ReplyDeleteSAY-dur. Enjoy!
ReplyDeleteyou probably don't want all the bizarre details on all this stuff, but suffice it to say that there is no more anal retentive set of people in the world than kosher-keeping Jews (I'm one of them) and we are at our mostanal retentive at Passover. No leavening can come anywhere near anything that you use on Passover, and it's not just leavening - there's a whole mess of stuff that's a problem. With the OJ, it probably has to do with teh factory where it is processed - if anything is processed in the same factory that has leavening in it, there would be a problem, and even if the machines were, say, greased with some sort of oil that came from a fobidden plant, there could be a problem. There are certain things that do not have to be specially marked because the places that make it never come into contact with leavning - extra virgin olive oil, for example, need not get special certification because the rabbis have determined there is no danger of contamination due to the already-stringent regulations around calling it "extra-virgin."

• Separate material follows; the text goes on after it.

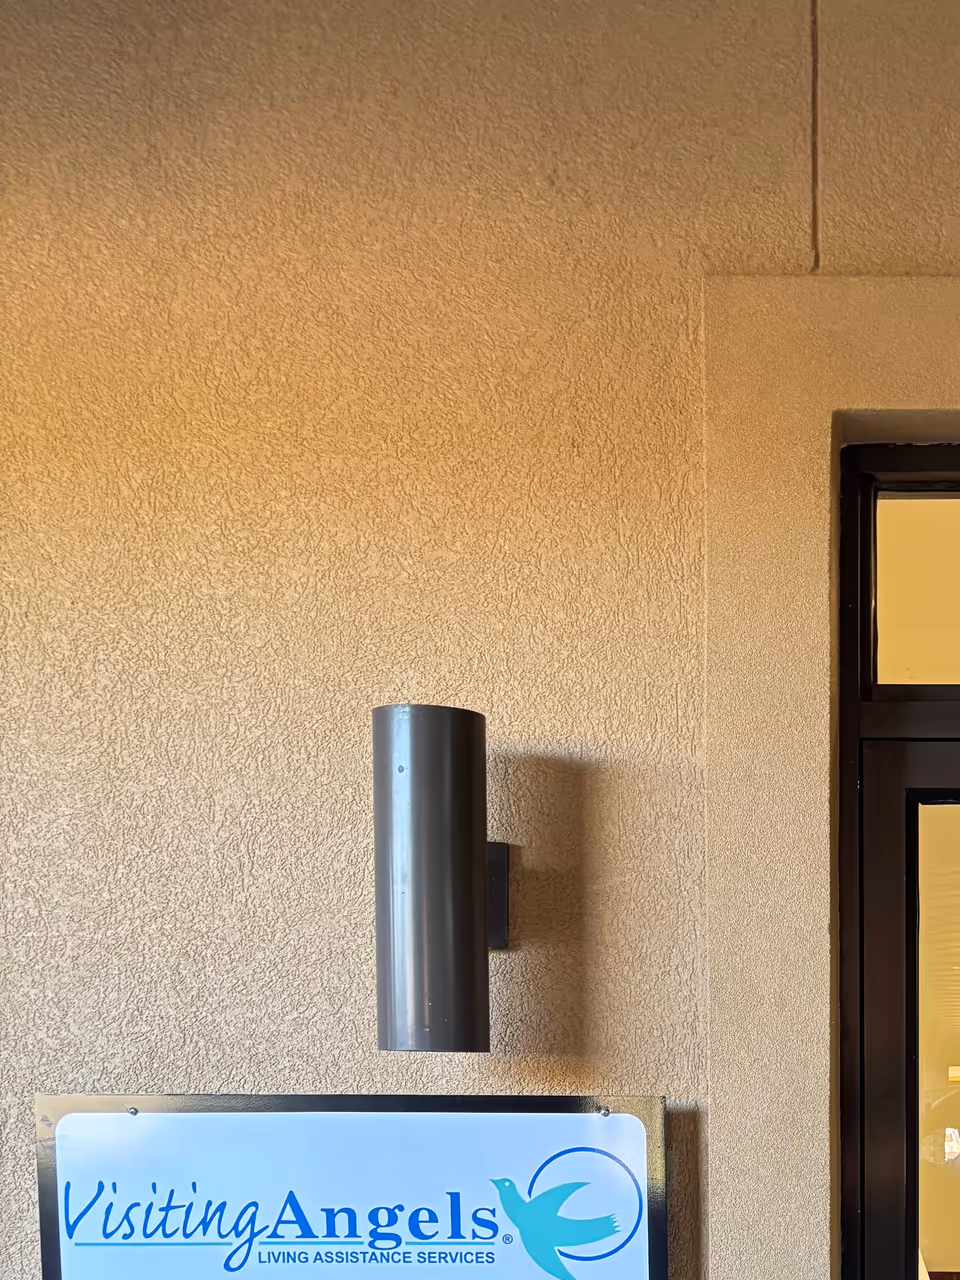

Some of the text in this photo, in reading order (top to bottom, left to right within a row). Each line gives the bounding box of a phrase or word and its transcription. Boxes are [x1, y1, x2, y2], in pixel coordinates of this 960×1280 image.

[258, 1251, 495, 1264] LIVING ASSISTANCE SERVICES

ReplyDeleteMany people will go ahead and use OJ for Passover so long as the only ingredient is "oranges" or "orange juice," so long as it is certified kosher in the first place. There are a lot of products like that. The rabinnincal authorities put out lists every year of what you can and cannot buy without special certification, and this year fresh OJ wasn't on it, but FCOJ was, so long as OJ was the only ingredient.

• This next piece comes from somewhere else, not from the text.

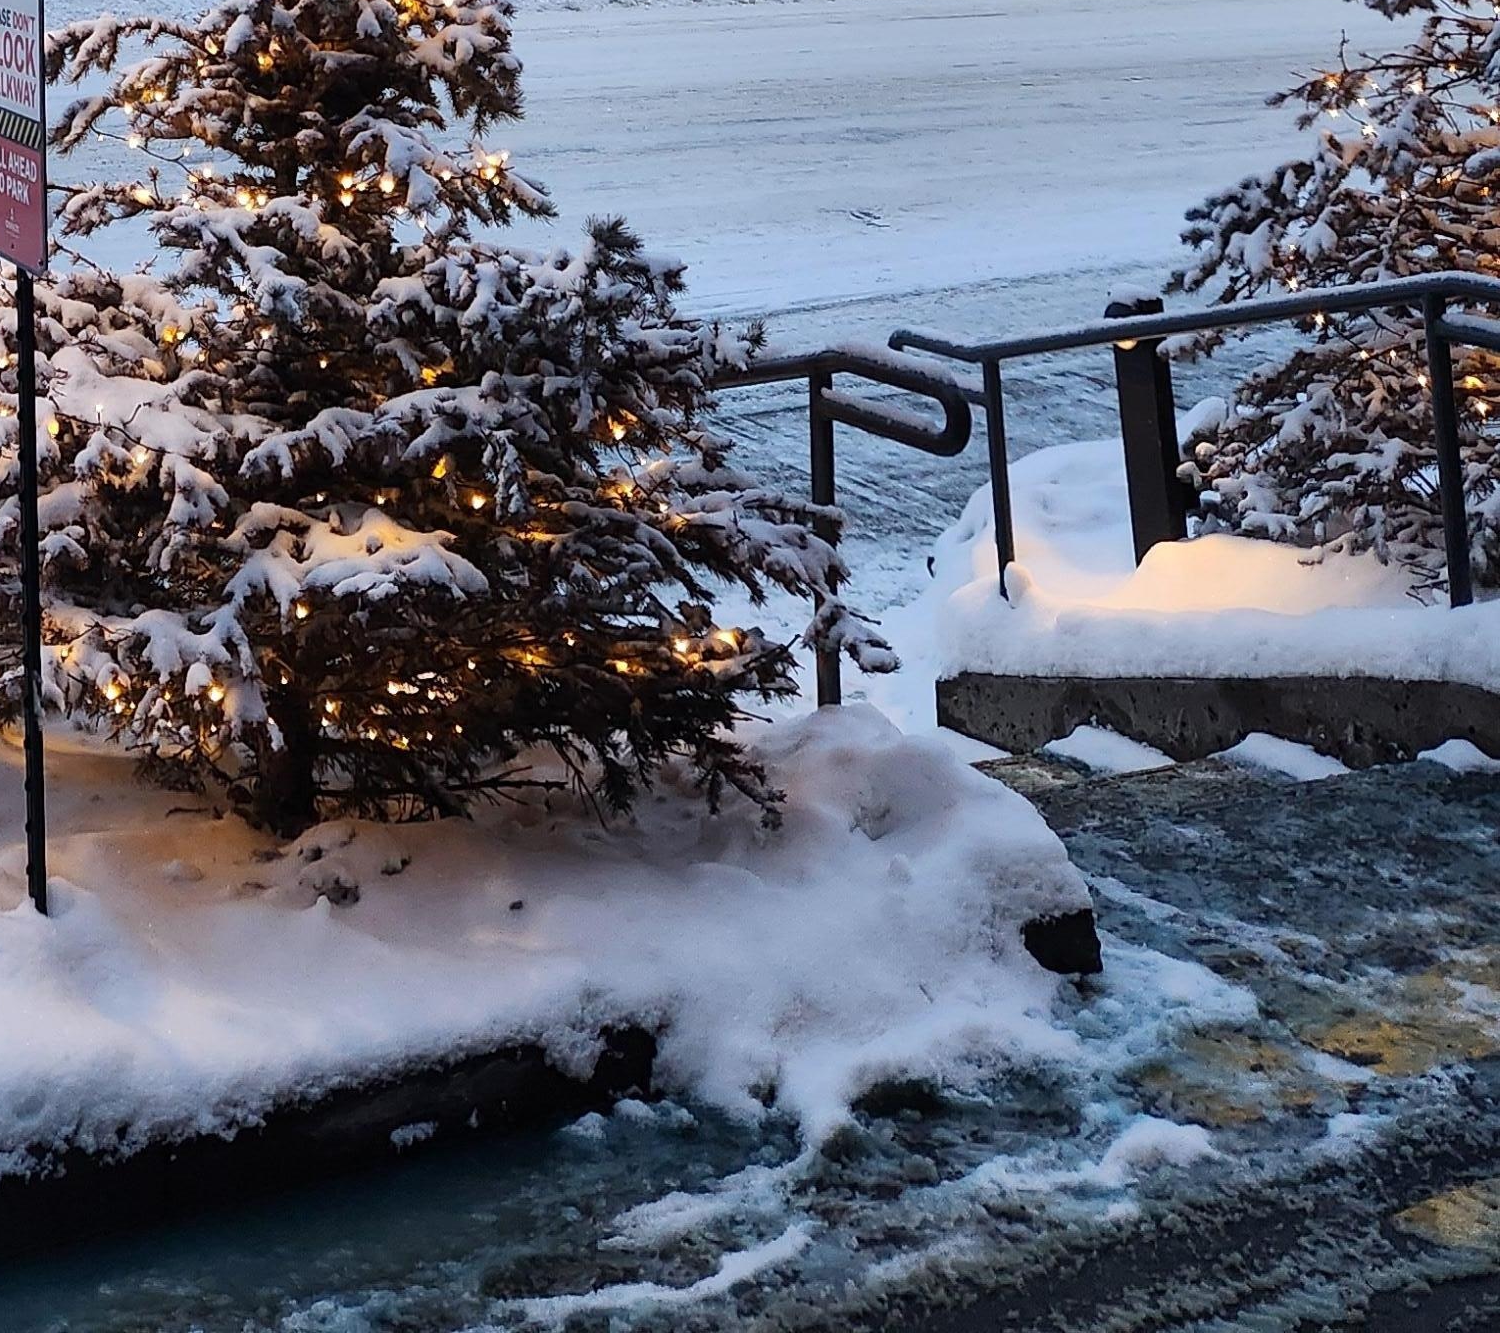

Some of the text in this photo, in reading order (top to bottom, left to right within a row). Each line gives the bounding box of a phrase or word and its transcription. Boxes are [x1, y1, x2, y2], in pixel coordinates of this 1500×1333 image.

[12, 11, 36, 35] DON'T
[8, 151, 37, 183] AHEAD
[6, 175, 30, 206] PARK

Just so people know, it's not always so obvious what's plain-kosher and what's Kosher-for-Passover. I'm guessing your hosts bought the Of Tov brand of nuggets, and they make both kinds. The packaging is disturbingly similar, and it would be extremely easy for either the supermarket to stick an errant not-for-passover bag of them in the freezer case with the passover ones, or for someone who wasn't as familiar with a given store's wares to grab from the wrong freezer case. The store where I get most of my Passover stuff has signs up all over the Passover section telling people to check all their purchases to make sure they are K-for-P for exactly this reason - it's so easy for a package of Philly cream cheese that isn't k-for-p to end up mixed in with the ones that are.
ReplyDeleteThis is a long-winded way of saying that I dont' think you can assume that the host is not observant because observant people would notice such a thing. I've made this mistake more than once, thankfully always noticing it before screwing up my dishes or serving anything to guests, but it's only a matter of time before I go that far.
What would I do? Depends on the host. I tend to agree with Russ. If you think they don't particularly care and were doing it for you, then you just decide what you want to do about your own kids and move on. If you think they're trying to observe and made a mistake, then I would tell them in as nice a way as possible. If this happened in my house, I would absolutely want to know, preferably before heating them up on my Passover pans and making them no longer suitable for Passover. And I would thank you for telling me. But it's going to depend a great deal on who your host is and how well you know them.
I'm also going to go with Andrea here - if I did not intend to tell my hosts (as noted above), I'd let the kids eat them, though wouldn't eat them myself. I believe that it's a much worse sin to embarass your host than to let your kids violate Passover, but that's my own personal creed. It's not a specifically Jewish rule, but I take my cue from a number of rabbis I know who eat in their congregants' homes without asking any questions about their kosher observance because allowing their congregants to do the mitzvah of welcoming guests is much more important to them than possible minor violations of the kosher laws.
Happy Passover everyone!
They sell Mexican Coke all over Williamsburg, which is deadly to me. They even sell it in the delis. It's the hipster drink but I will claim I discovered it first.